First of all I want to say that The theatre staff were second to none and made me feel really calm and relaxed. I also stayed in another ward previous to my stay at 3 east which was nice and staff were good.(3 east is the ward I am writing about here )
Day one .I was taken from another hospital to jubilee and signed in by a nurse who was nice and put me at ease. MRSA swabs were taken.The surgeon and anaesthetist came in and went over the procedure and process of being put under. The surgeon told me I was 1st on the list which I was delighted at .

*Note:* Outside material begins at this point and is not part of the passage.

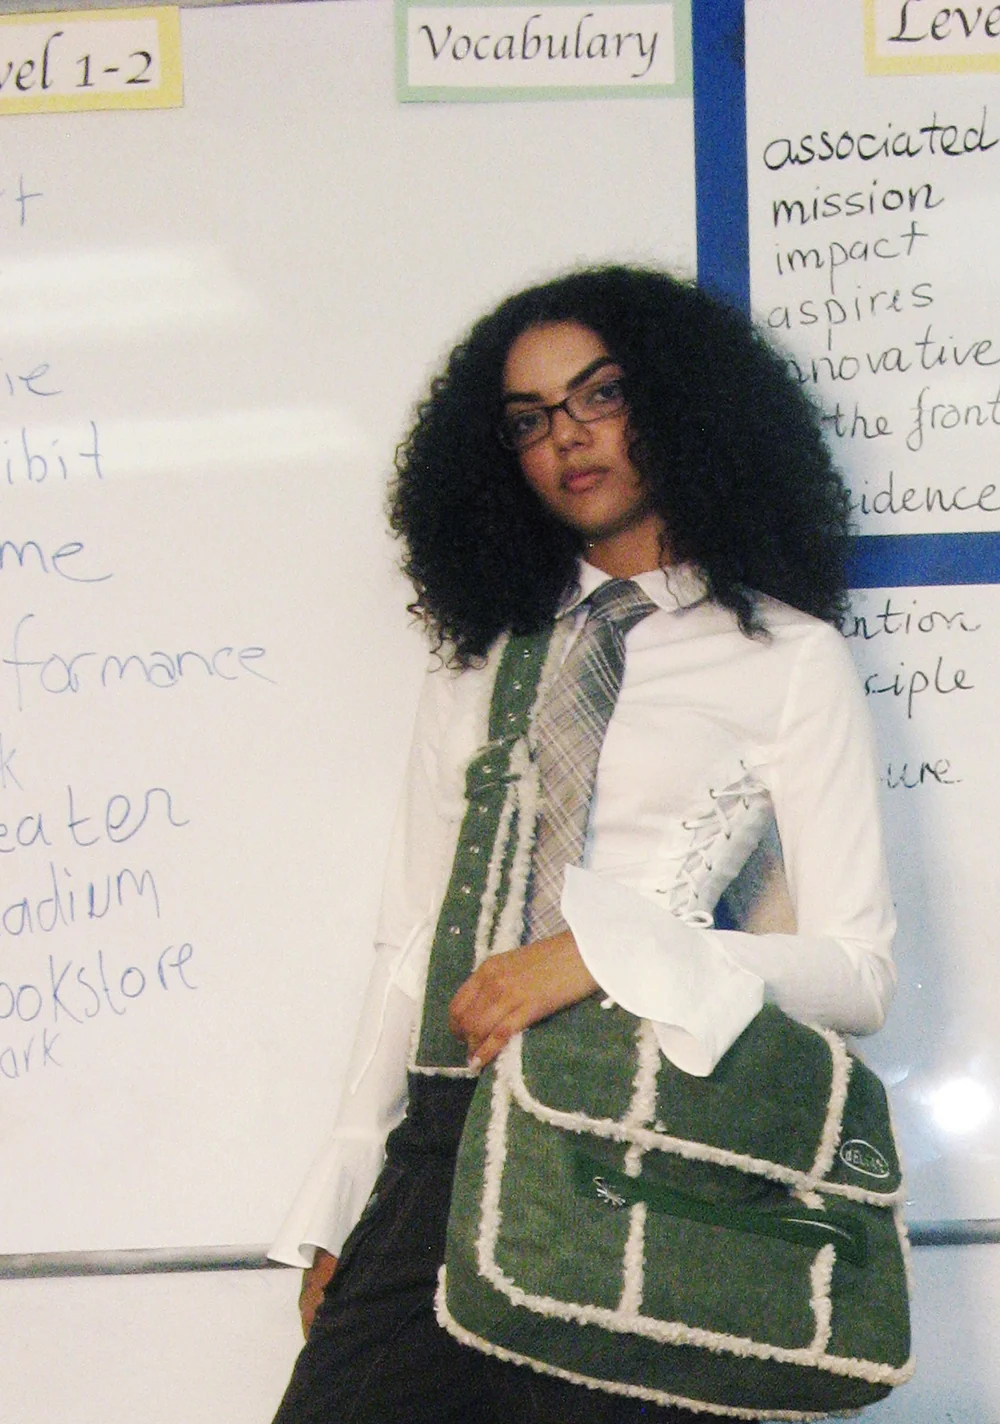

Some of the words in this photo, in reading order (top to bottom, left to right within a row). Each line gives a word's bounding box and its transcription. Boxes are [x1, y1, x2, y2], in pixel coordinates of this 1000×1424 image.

The nurse came in to give me a gown for the morning and told me that I would be 4th so was fasting from 6am.I explained this was not what the surgeon told me. The nurse checked this out and said that I was definitely 4th on the system and I wouldn't know till the morning when they got hold of the surgeon.
After they left other than observations and medications , I didn't see a nurse again which I was surprised at as I thought someone would have came to go over the plan for the morning with me and what to expect , I went to my bed really anxious .
the morning of the procedure
a nurse told me they would be round soon with some IV antibiotics as routine procedure before an operation. I was also asked by a separate nurse had I had my shower last night with hibi scrub , I explained no one had told me I had to do this or given me towels or hibi scrub. I was told that was fine just do it now. They still couldn't tell me when I would be taken.
At this point as you can appreciate I was extremely anxious and this was not helping as I now felt I was rushing about for a procedure I wasn't even sure if I was getting soon or not. A short while after the theatre nurses arrived with a bed for me and I was hurried away with no warning at this point I was terrified and not mentally prepared to go as I wasn't aware they were coming I also had no idea what was going to happen next If I would be put under or asked to wait for a while. The theatre staff were amazing and calmed me down, my procedure was done and I was taken back to the ward when I was put to bed and left for hours. I was told my husband would be called when I came out of surgery so he could be there for me coming back which he wasn't so I had to do this myself as I felt woozy and was laying alone in the room and no one had been in .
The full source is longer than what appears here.